RAG & Knowledge Bases

Retrieval-augmented generation: how it works, why it beats fine-tuning for company knowledge, and vector databases on AWS.

9 min read

Retrieval-Augmented Generation (RAG) fixes two LLM weaknesses at once — hallucination and stale knowledge — by fetching relevant, current documents *at question time* and giving them to the model as context. The model answers grounded in your data, and can cite its sources. No model training required.

How RAG works

  1. Ingest: your documents are split into chunks; an embedding model converts each chunk to a vector, stored in a vector database.
  2. Retrieve: a user's question is embedded too; the database returns the chunks whose vectors are closest (most semantically similar).
  3. Augment: the retrieved chunks are inserted into the prompt as context.
  4. Generate: the LLM answers using that context, often with citations.
Think of it like this

RAG is an open-book exam. Instead of hoping the student memorized everything (fine-tuning), you hand them the right pages of the textbook (retrieval) as they answer each question.

RAG on AWS

Amazon Bedrock Knowledge Bases

Fully managed RAG: point it at S3 documents and it handles chunking, embeddings, vector storage, retrieval, and citations.

Amazon OpenSearch Service

Popular vector database option for semantic search.

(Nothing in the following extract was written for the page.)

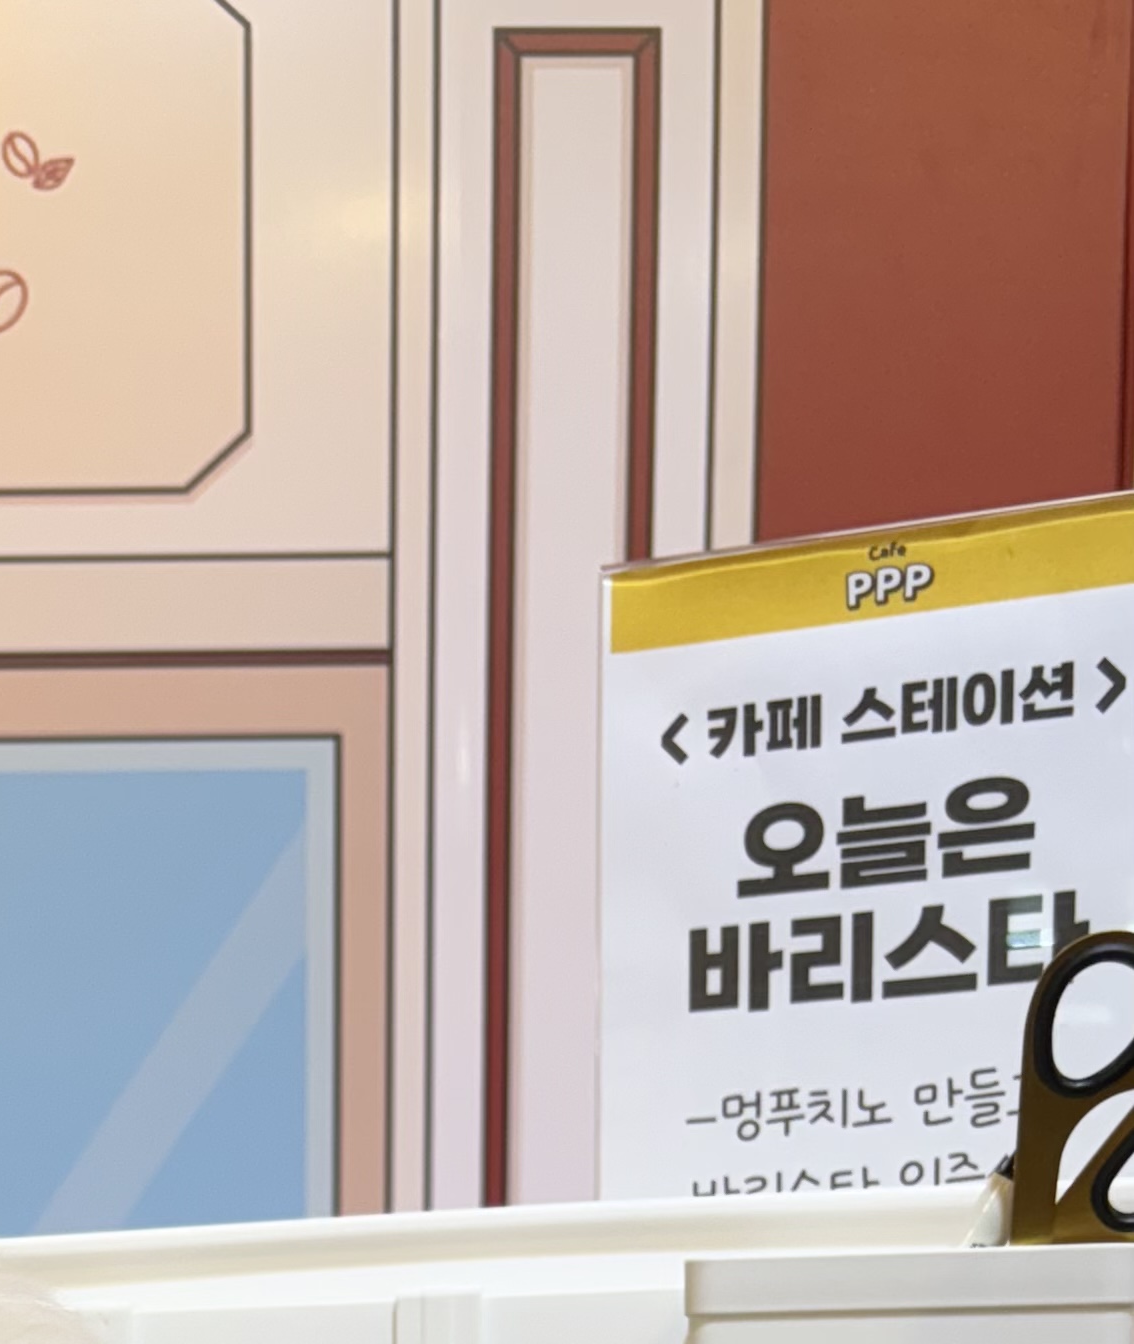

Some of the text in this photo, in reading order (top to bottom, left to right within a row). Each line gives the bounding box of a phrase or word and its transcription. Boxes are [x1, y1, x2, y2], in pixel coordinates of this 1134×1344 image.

Amazon Aurora / RDS with pgvector

PostgreSQL as a vector store.

Amazon Neptune / DocumentDB / MemoryDB

Other AWS options with vector search support.

Amazon Kendra

Managed intelligent search that can also feed retrieval for GenAI apps.

Exam tip

Choose RAG when: answers must come from company/current data, must include citations, data changes frequently, or hallucinations must be reduced — all without training. Choose fine-tuning instead when you need new *behavior/style/format*, not new *facts*. Frequently-changing knowledge in a fine-tuned model = constant expensive retraining; in RAG it's just a document update.

Knowledge check
Question 1 of 4

A chatbot must answer questions using the company's internal HR policies, which change monthly, and cite the source document. Which approach fits BEST?